BIOTECNOLOGIE PER L’AMBIENTE


Tra gli inquinanti più pericolosi e difficili da eliminare ci sono i metalli pesanti (es. mercurio o piombo), rilasciati
da scarichi industriali e che spesso contaminano le falde acquifere. In batteri del genere Escherichia coli è stato
aggiunto un gene che codifica la metallotionina, proteina che intrappola il mercurio all’interno della cellula.

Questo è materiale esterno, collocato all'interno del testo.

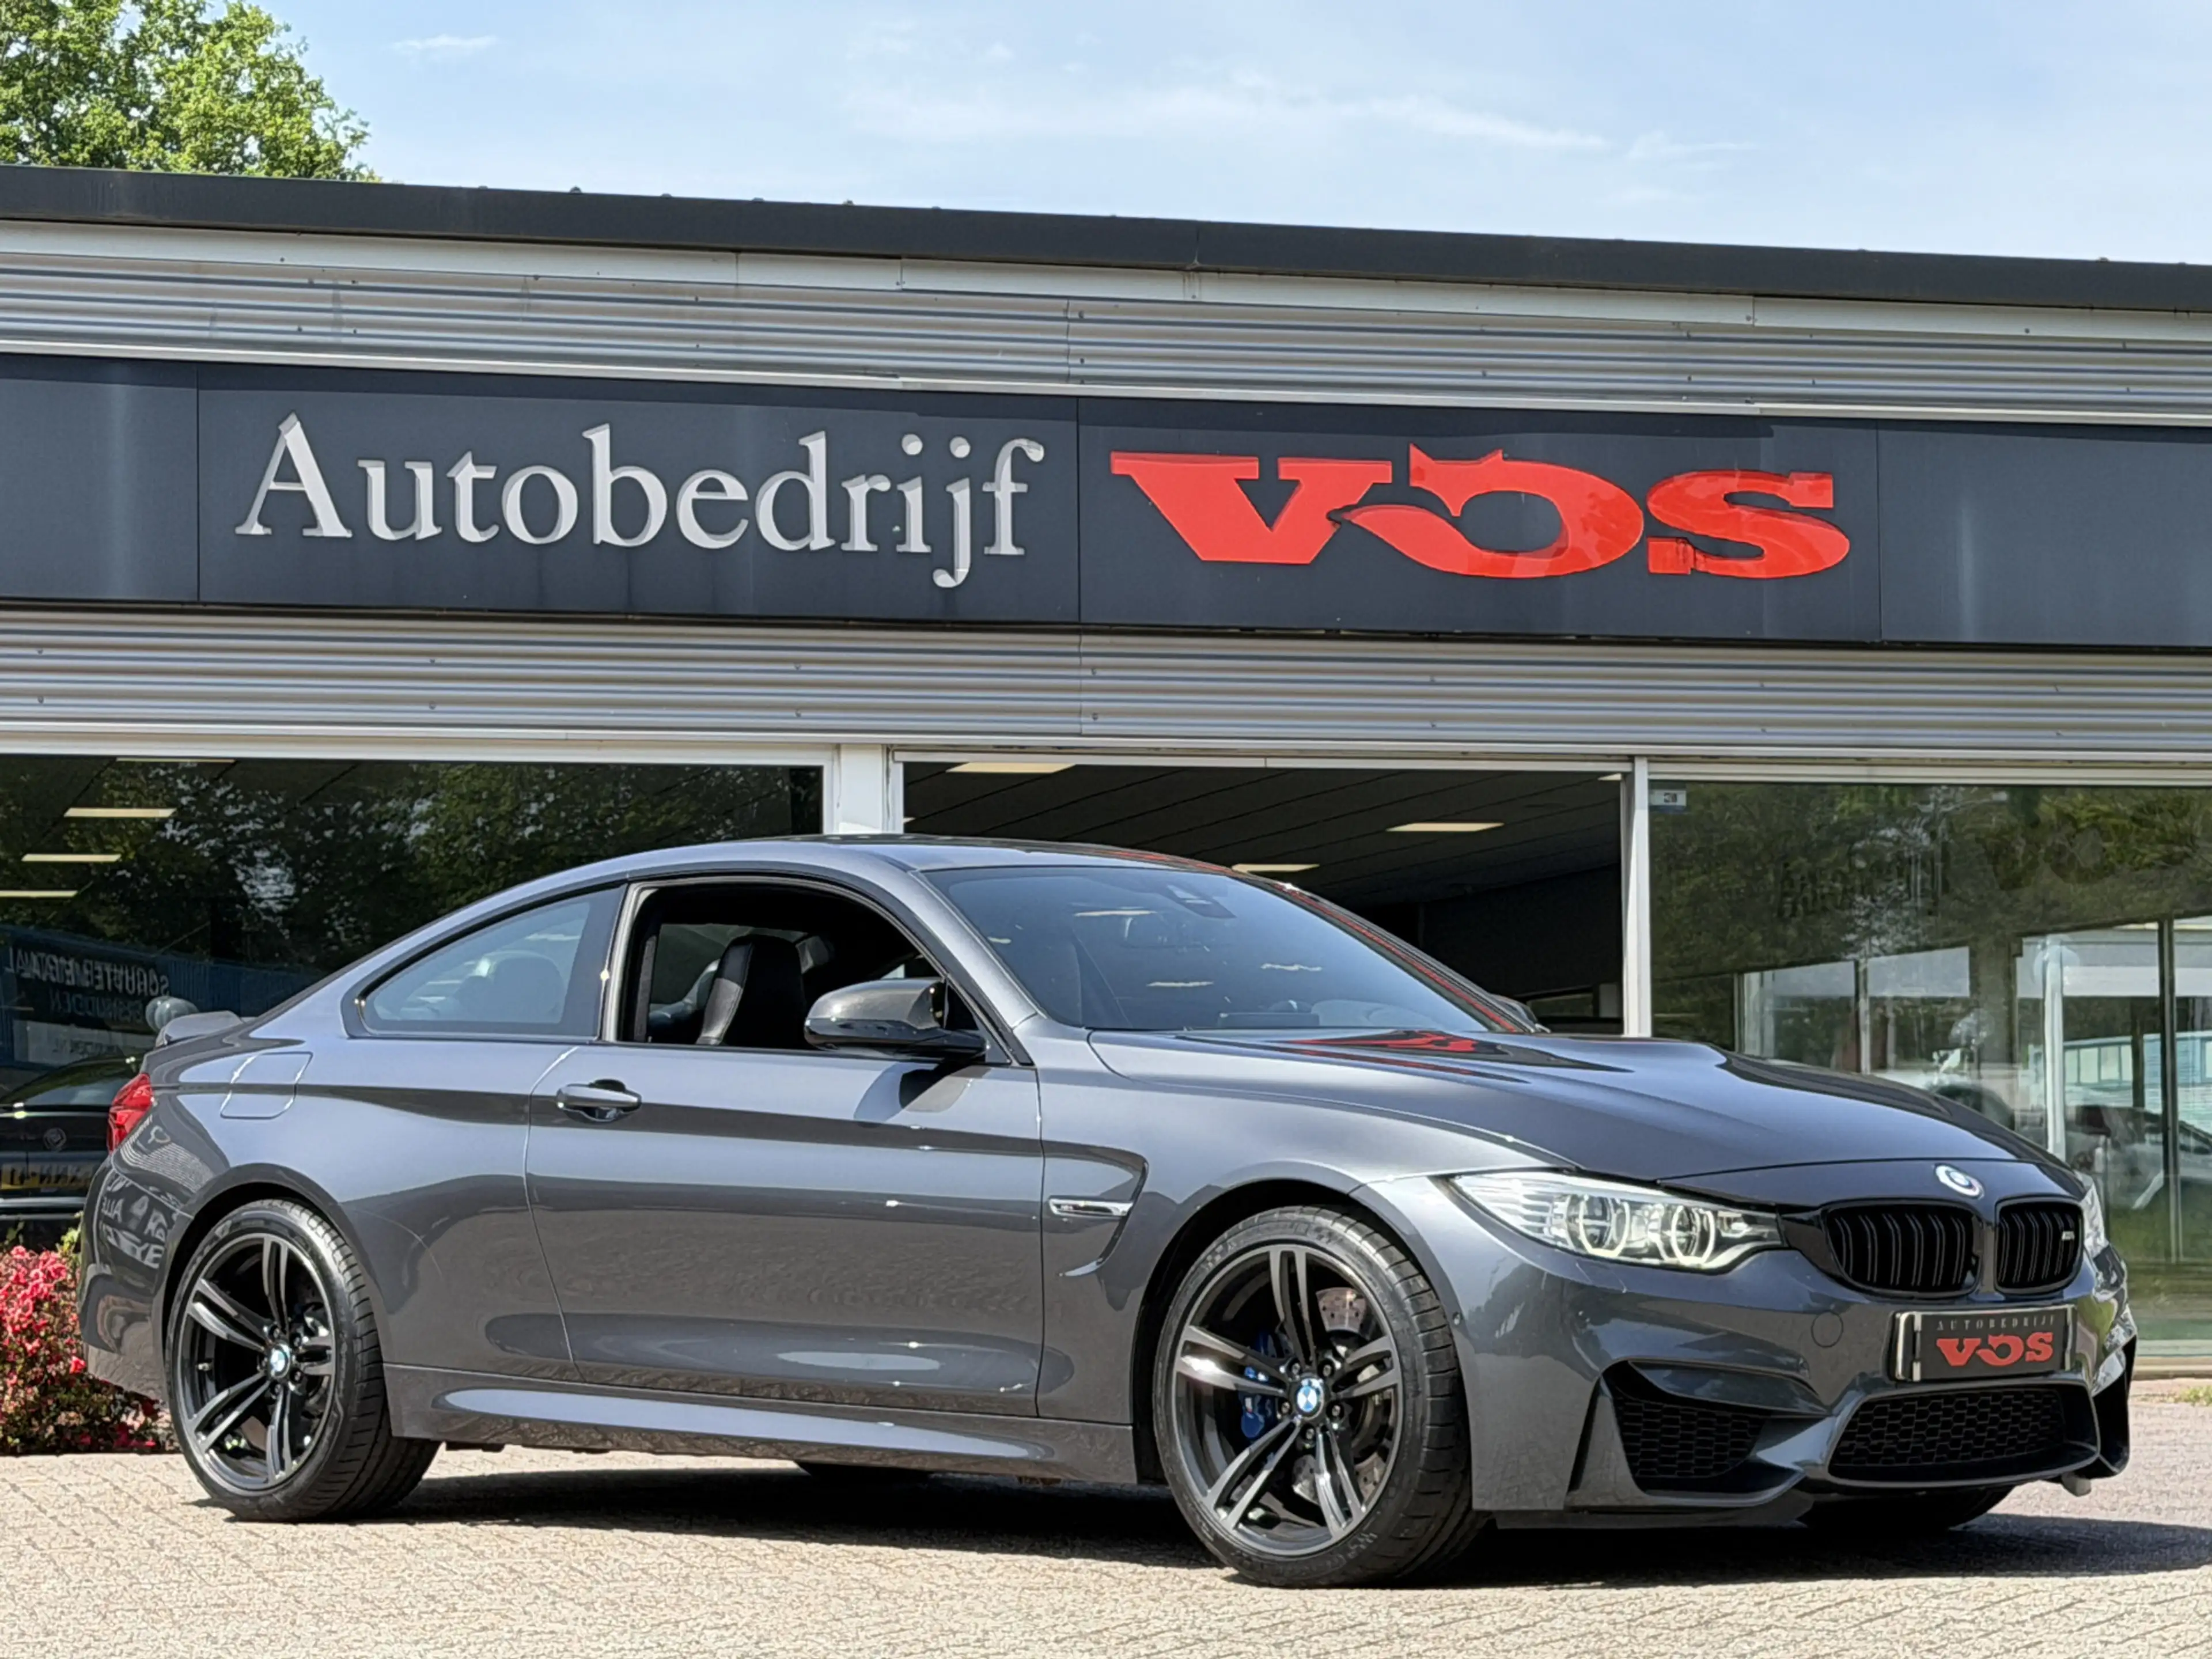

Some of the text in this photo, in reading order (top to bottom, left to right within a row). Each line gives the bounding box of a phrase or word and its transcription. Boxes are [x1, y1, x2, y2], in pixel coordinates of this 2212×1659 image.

[235, 412, 1850, 589] Autobedrijf VOS
[1936, 1332, 2054, 1367] VOS
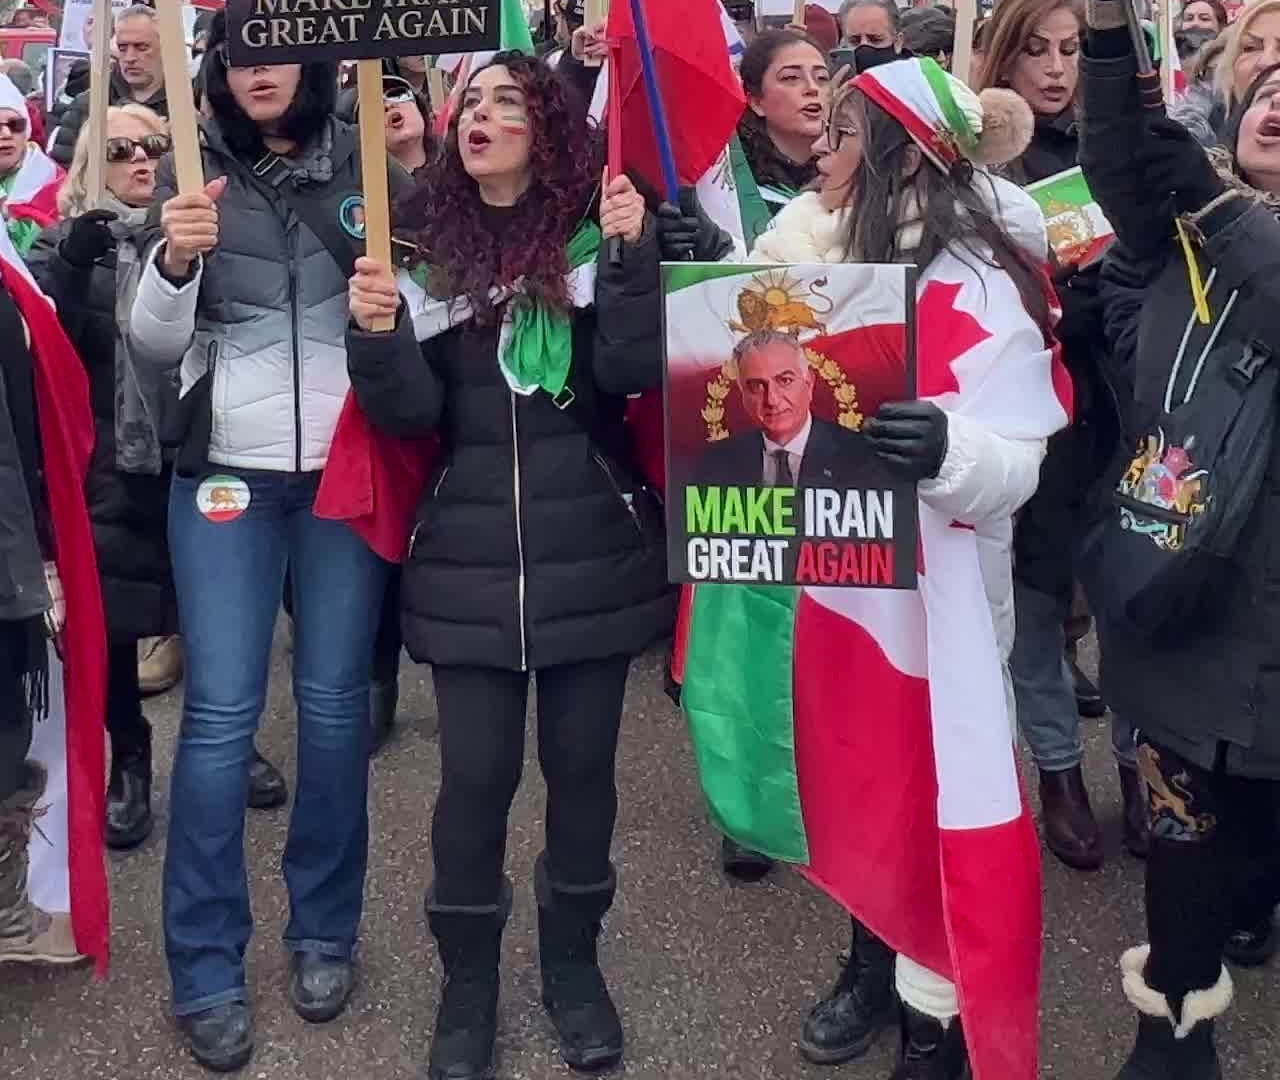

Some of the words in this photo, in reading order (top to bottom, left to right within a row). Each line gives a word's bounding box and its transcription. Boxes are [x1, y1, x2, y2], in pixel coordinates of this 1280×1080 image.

[240, 14, 365, 48] GREAT
[371, 6, 489, 41] AGAIN
[685, 485, 797, 537] MAKE
[803, 487, 894, 539] IRAN
[686, 536, 789, 582] GREAT
[795, 541, 896, 586] AGAIN
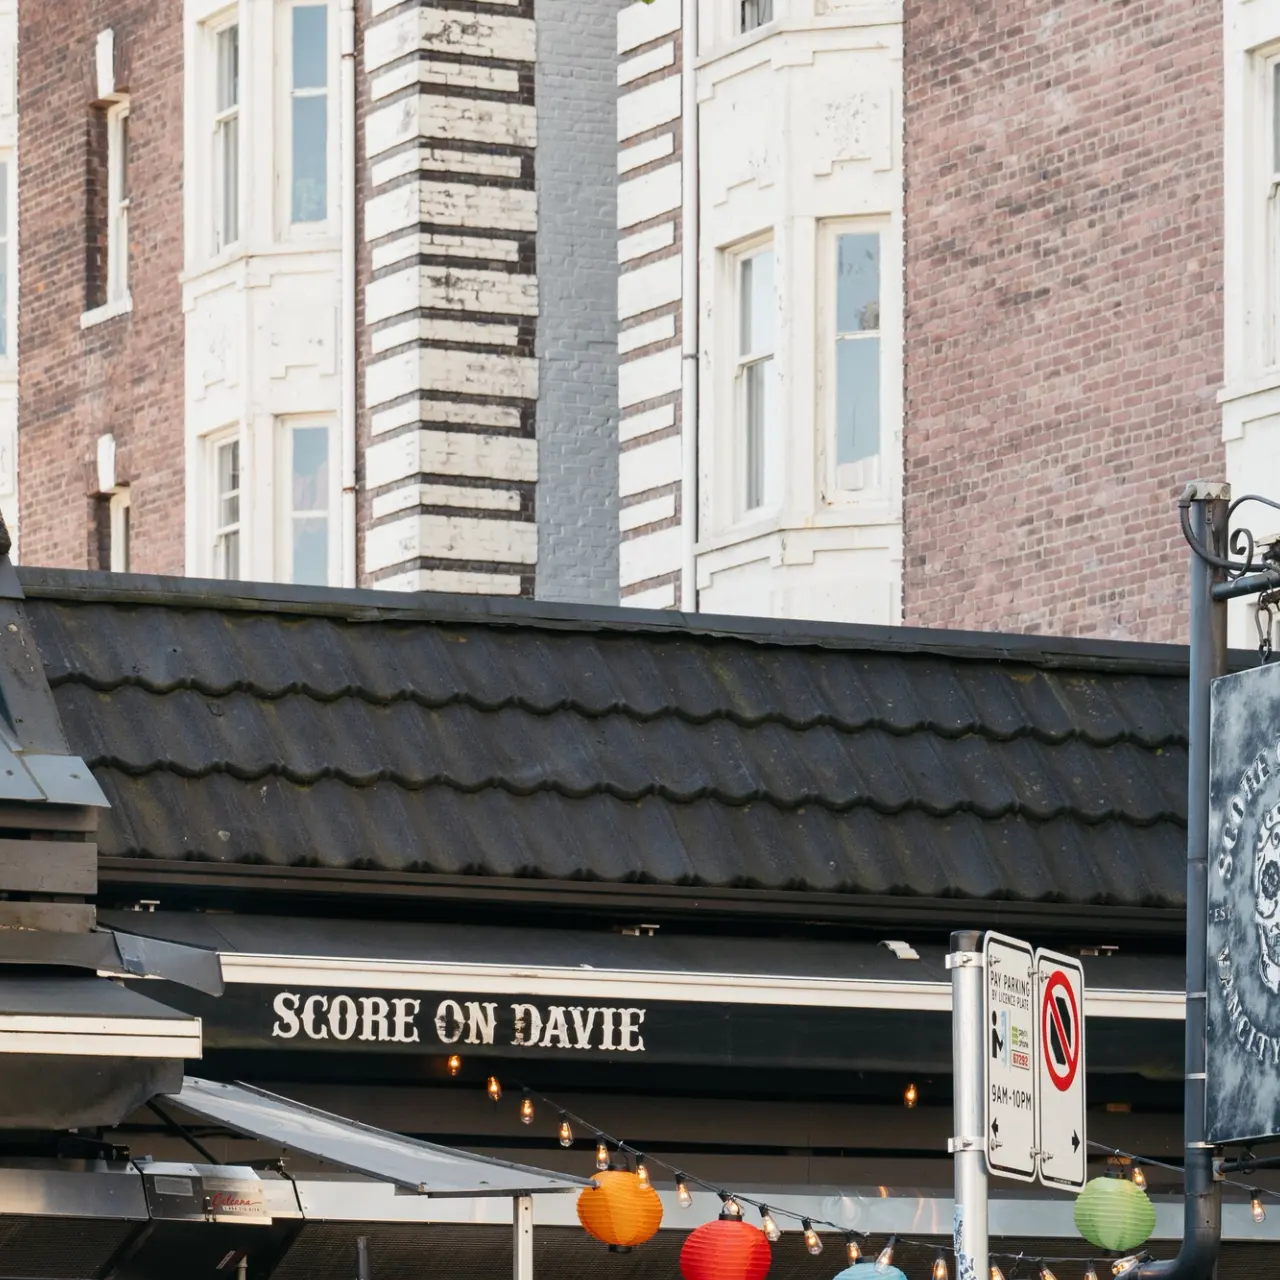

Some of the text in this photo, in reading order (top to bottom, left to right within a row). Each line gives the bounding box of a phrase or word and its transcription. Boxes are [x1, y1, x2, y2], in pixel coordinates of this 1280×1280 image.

Questi batteri possono essere immobilizzati su una matrice solida, da utilizzare come biofiltro che assorbe il
mercurio presente nelle acque.
È possibile creare anche biosensori batterici che rilevano la presenza di sostanze inquinanti nell’acqua o nel
suolo: è presente il gene per la proteina fluorescente verde GFP (delle meduse) che rende il batterio luminescente
e facilmente individuabile da un sistema. L’espressione del gene GFP però è regolata da un promotore che si
attiva solo se ci sono sostanze inquinanti come gli idrocarburi.